Scientists at Emory University School of Medicine could discern that in people with SLE, signals driving expansion and activation are present at an earlier stage of B cell differentiation than previously appreciated. They identified patterns of gene activity that could be used as biomarkers for disease development.
“Our data indicate a disease signature across all cell subsets, and importantly on mature resting B cells, suggesting that such cells may have been exposed to disease-inducing signals,” the authors write.
The paper reflects a collaboration between the laboratories of Jeremy Boss, PhD, chairman of microbiology and immunology, and Ignacio (Iñaki) Sanz, MD, head of the division of rheumatology in the Department of Medicine. Sanz, recipient of the 2019 Lupus Insight Prize from the Lupus Research Alliance, is director of the Lowance Center for Human Immunology and a Georgia Research Alliance Eminent Scholar. The first author is Christopher Scharer, PhD, assistant professor of microbiology and immunology.

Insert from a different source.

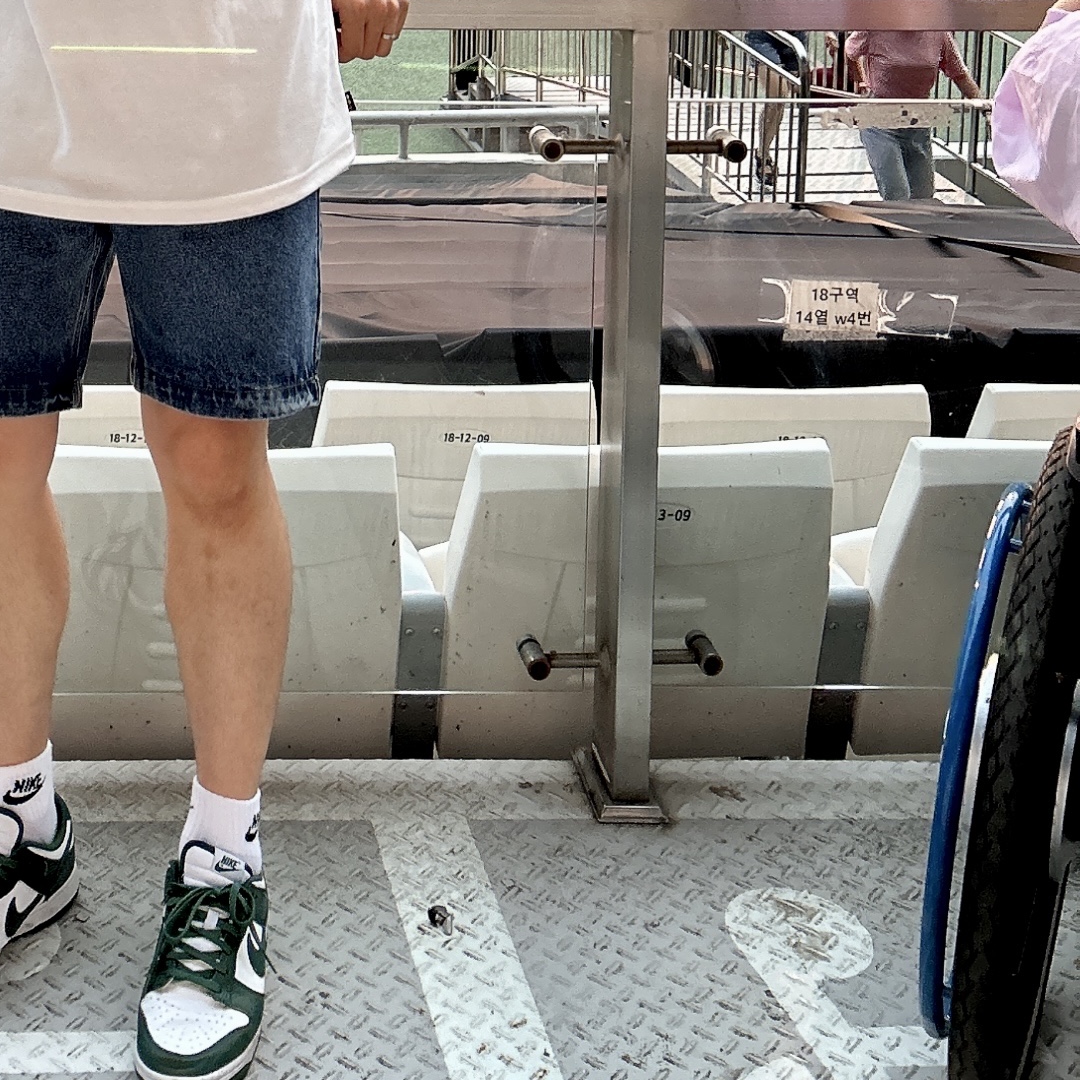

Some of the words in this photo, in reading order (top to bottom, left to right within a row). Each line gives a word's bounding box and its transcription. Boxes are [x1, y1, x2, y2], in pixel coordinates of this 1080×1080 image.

The researchers studied blood samples from 9 African American women with SLE and 12 healthy controls. They first sorted the B cells into subsets, and then looked at the DNA in the women’s B cells, analyzing the patterns of gene activity. Sanz’s team had previously observed that people with SLE have an expansion of “activated naïve” and DN2 B cells, especially during flares, periods when their symptoms are worse.
By examining epigenetic parameters – inherited traits not encoded in the DNA sequence — and patterns of gene activity, the researchers could see signs of activation in “resting naïve” B cells, which precede the activated naïve cells. They were able to surmise that resting naïve cells are being stimulated through particular receptor pathways. This “provides an important window to understand early antigenic triggers,” the authors write. The authors were also able to identify regulatory networks that drive the disease phenotype in SLE B cells. Together, these their results open up new avenues for future investigation and therapeutic interventions.
Funding: The research was supported by the National Institute of Allergy and Infectious Diseases (U19AI110483, P01AI125180, RO1AI113021, F31AI112261) and the National Institute of General Medical Sciences (T32GM008490).
Source:
Emory University
Media Contacts:
Quinn Eastman – Emory University
Image Source:
The image is credited to Emory University.
Original Research: Closed access
“Epigenetic programming underpins B cell dysfunction in human SLE”. Christopher D. Scharer, Emily L. Blalock, Tian Mi, Benjamin G. Barwick, Scott A. Jenks, Tsuneo Deguchi, Kevin S. Cashman, Bridget E. Neary, Dillon G. Patterson, Sakeenah L. Hicks, Arezou Khosroshahi, F. Eun-Hyung Lee, Chungwen Wei, Iñaki Sanz & Jeremy M. Bos.
Nature Immunology. doi:10.1038/s41590-019-0419-9
Abstract
Epigenetic programming underpins B cell dysfunction in human SLE
Systemic lupus erythematosus (SLE) is characterized by the expansion of extrafollicular pathogenic B cells derived from newly activated naive cells. Although these cells express distinct markers, their epigenetic architecture and how it contributes to SLE remain poorly understood. To address this, we determined the DNA methylomes, chromatin accessibility profiles and transcriptomes from five human B cell subsets, including a newly defined effector B cell subset, from subjects with SLE and healthy controls. Our data define a differentiation hierarchy for the subsets and elucidate the epigenetic and transcriptional differences between effector and memory B cells. Importantly, an SLE molecular signature was already established in resting naive cells and was dominated by enrichment of accessible chromatin in motifs for AP-1 and EGR transcription factors. Together, these factors acted in synergy with T-BET to shape the epigenome of expanded SLE effector B cell subsets. Thus, our data define the molecular foundation of pathogenic B cell dysfunction in SLE.